Gus, the plastic Golden Hairy scorpion (that Nate bought in Death Valley at the end of September) was sure to get in on the action. I think he liked the Tropical Punch the best, seeing as there wasn't a 'prey coloured' skein.




Then, once I was rolling around in my nice warm-toned Kool-Aid dyeing prowess, it was time to bring out the big guns. At first, I was just dyeing mini-skeins, because that is what I'd be dyeing with the kids in the 7th/8th grade textiles class.

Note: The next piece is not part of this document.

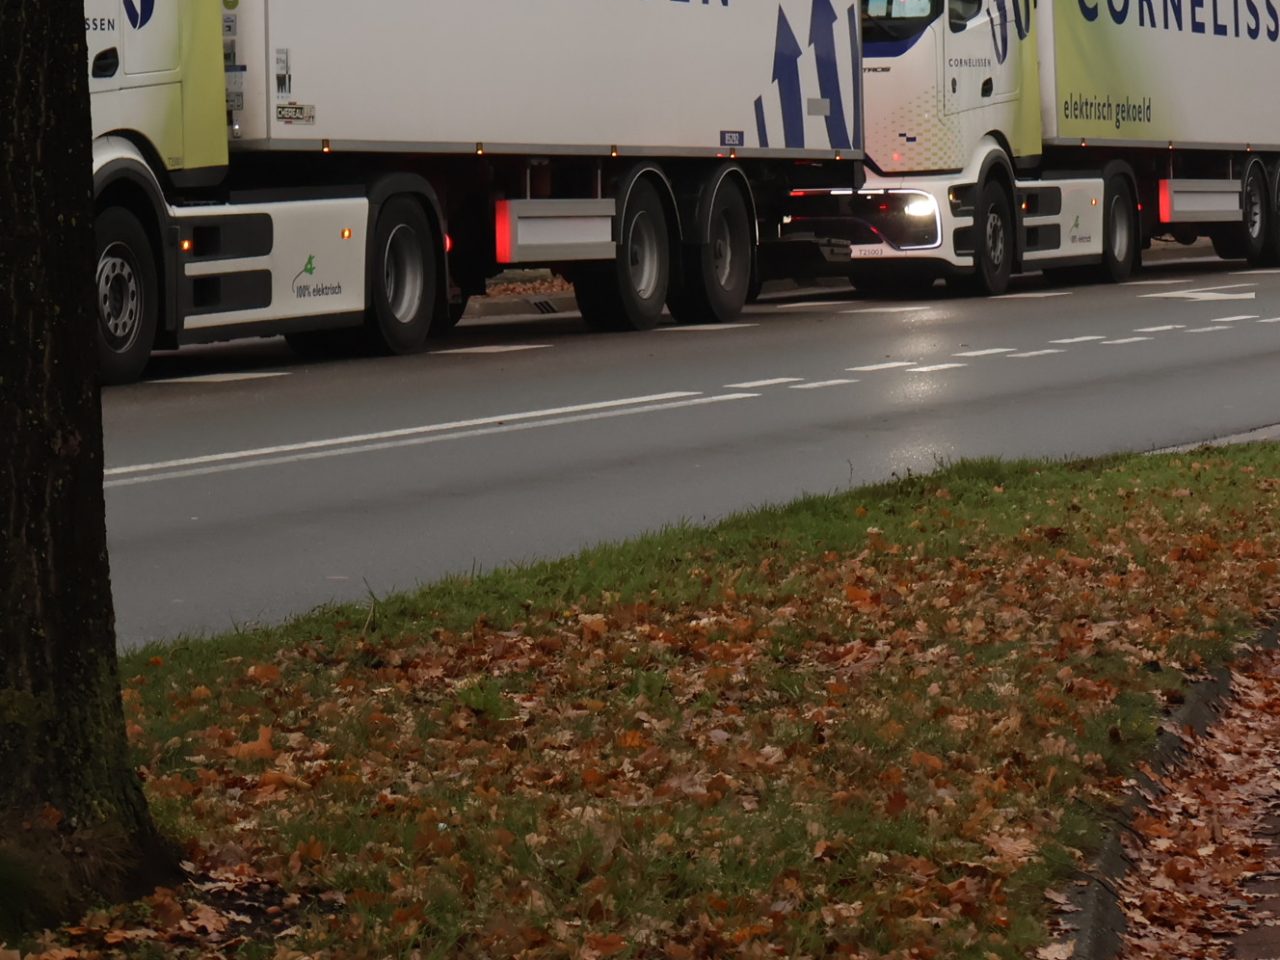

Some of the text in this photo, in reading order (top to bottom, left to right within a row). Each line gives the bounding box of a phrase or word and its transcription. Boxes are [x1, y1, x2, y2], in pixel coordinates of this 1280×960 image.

[948, 58, 992, 68] CORNELISSEN
[1064, 93, 1151, 129] elektrisch gekoeld
[296, 282, 342, 298] 100% elektrisch

Of course, once I'd done little mini-skeins (butterflies, really), it was time to move up to midi-skeins. Just enough to knit a swatch and go "wow, that's a great colour, why didn't I dye more of that?"

(gotta love this one. Berry blue, overdyed with grape-berry blast. Really, I just sprinkled the grape-berry KoolAid powder over the blue-dyed yarn, and stuck it back in the microwave for another 2 minutes. LOVE this!)







And this was a lovely little experiment with the leftover orange KoolAid from the first experiment, mixed with... um... I think it's the leftovers from the black cherry. Not a lot of dye left in the Black Cherry. I haven't knit this up yet.







And then my Knitpicks order arrived. And with it, a ginormous skein of plush fingering-weight bare yarn. A WHOLE skein. Over FOUR HUNDRED YARDS... what to do? What to do...

Oh! I just realized I never took a picture of the vivid blues and greens and yellows of this once it dried. Truly, this has GOT to be my next project. Just as soon as I finish the fisherman gansey for Ken for Christmas, the three pairs of Fetching fingerless gloves that I've promised as Christmas presents, and the extra boutique knitting that's been ordered since the Boutique Weekend.

Note to self: Photograph the DRY skein of the cool sock yarn that you made. If only for posterity.